Haskell has several functions for reading input,
including
getChar :: IO Char
getLine :: IO String
Haskell has several functions for writing output,
including
putChar :: Char -> IO ()
putStr :: String -> IO ()
putStrLn :: String -> IO ()
print :: (Show a) => a -> IO ()
The type (), called unit , is the type of 0-tuples (tuples
containing zero values). This is similar to the void
type in C or Java. There is only one value of this type,
the empty tuple, which is also denoted ().
NOTE The notion that a function that returns a value
of type IO t for some t actually does input and/or
output is only approximately correct; we will get to
the fully correct notion in a few slides.

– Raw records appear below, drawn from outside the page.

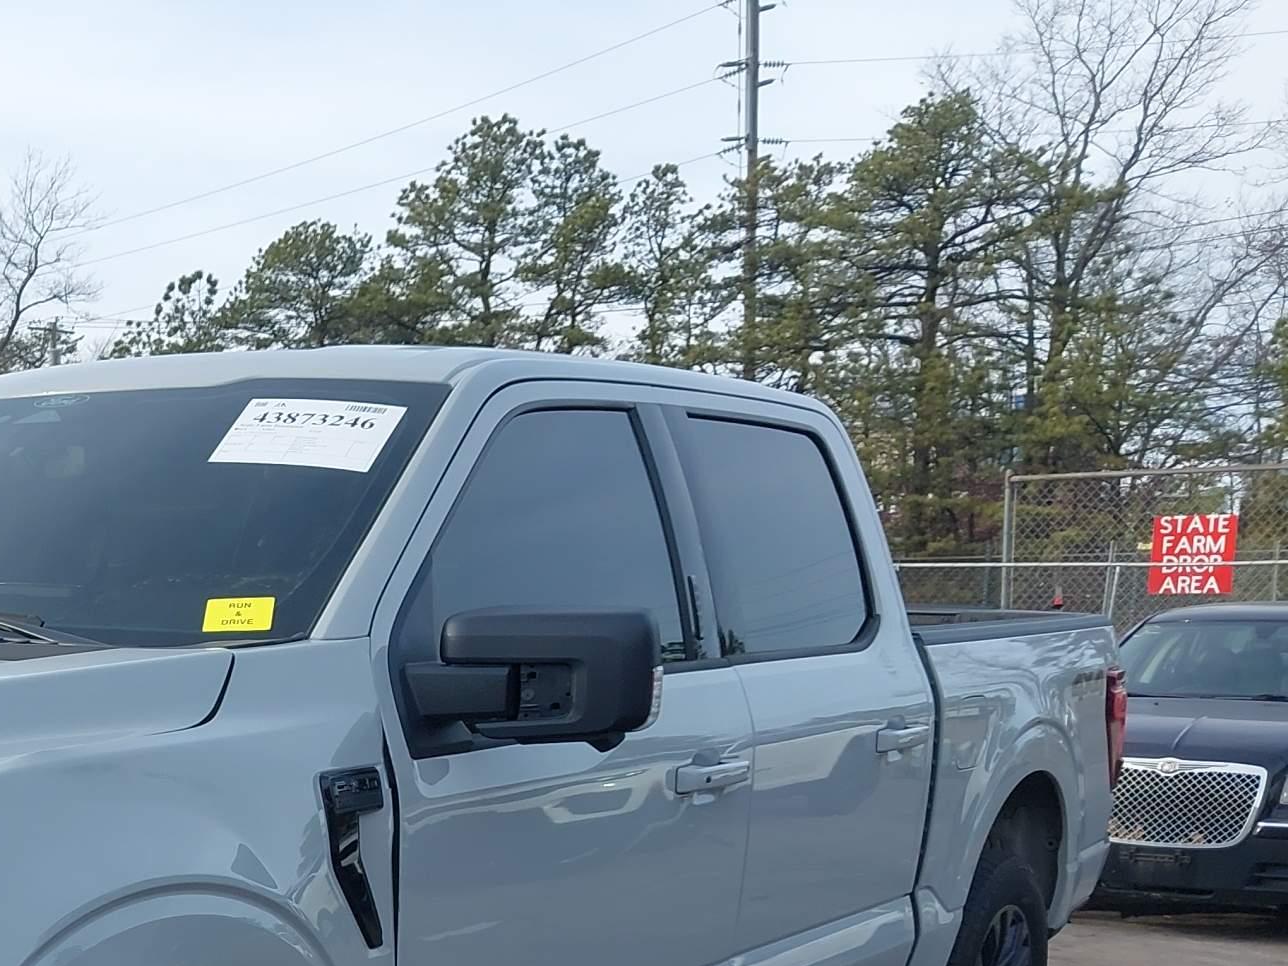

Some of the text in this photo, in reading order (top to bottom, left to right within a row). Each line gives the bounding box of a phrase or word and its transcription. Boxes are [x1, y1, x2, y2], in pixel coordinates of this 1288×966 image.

[253, 411, 377, 430] 43873246
[1159, 514, 1231, 534] STATE
[1162, 535, 1227, 554] FARM
[1161, 554, 1223, 574] DROP
[1158, 576, 1220, 594] AREA
[221, 618, 254, 626] DRIVE
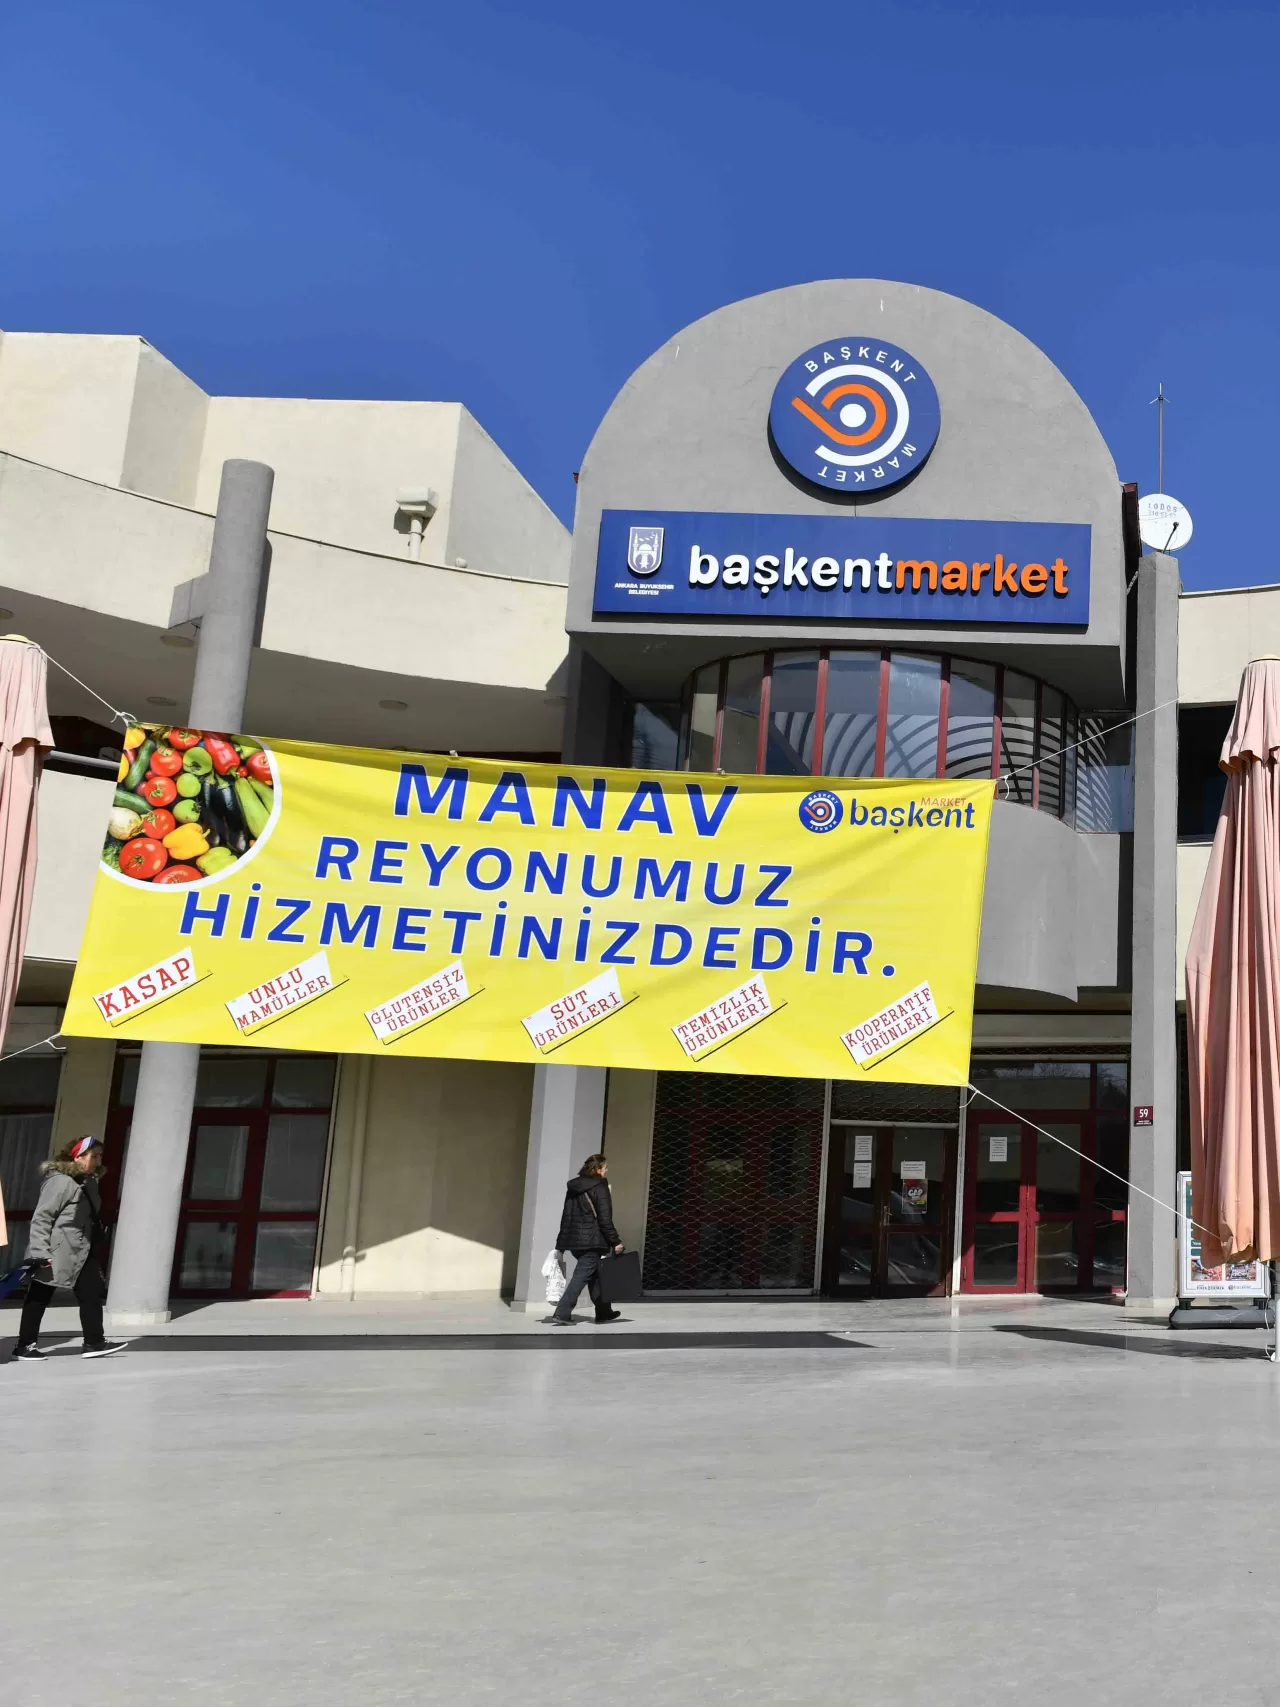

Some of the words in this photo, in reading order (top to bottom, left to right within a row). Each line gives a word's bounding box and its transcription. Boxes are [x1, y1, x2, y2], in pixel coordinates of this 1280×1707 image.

[805, 346, 916, 382] BAŞKENT
[817, 443, 917, 483] MARKET
[393, 763, 739, 838] MANAV
[850, 798, 975, 834] başkent
[920, 797, 967, 808] MARKET
[315, 836, 793, 907] REYONUMUZ
[179, 883, 897, 978] HİZMETİNİZDEDİR.
[99, 956, 192, 1019] KASAP
[237, 974, 331, 1030] MAMÜLLER
[248, 967, 304, 1006] UNLU
[370, 968, 465, 1025] GLUTENSİZ
[386, 987, 461, 1033] ÜRÜNLER
[550, 989, 588, 1021] SÜT
[676, 982, 763, 1039] TEMİZLİK
[533, 991, 621, 1050] ÜRÜNLERİ
[684, 997, 771, 1053] ÜRÜNLERİ
[845, 986, 933, 1049] KOOPERATİF
[860, 1009, 934, 1057] ÜRÜNLERİ
[1139, 1108, 1149, 1118] 59

Since there is only one value of type (), variables of
this type carry no information.
Haskell represents a computation that takes a value of
type a and computes a value of type b as a function of
type a -> b.
Haskell represents a computation that takes a value of
type a and computes a value of type b while also
possibly performing input and/or output (subject to
the caveat above) as a function of type a -> IO b.
All the functions listed on this slide are defined in the
prelude.
getChar returns the next character in the input.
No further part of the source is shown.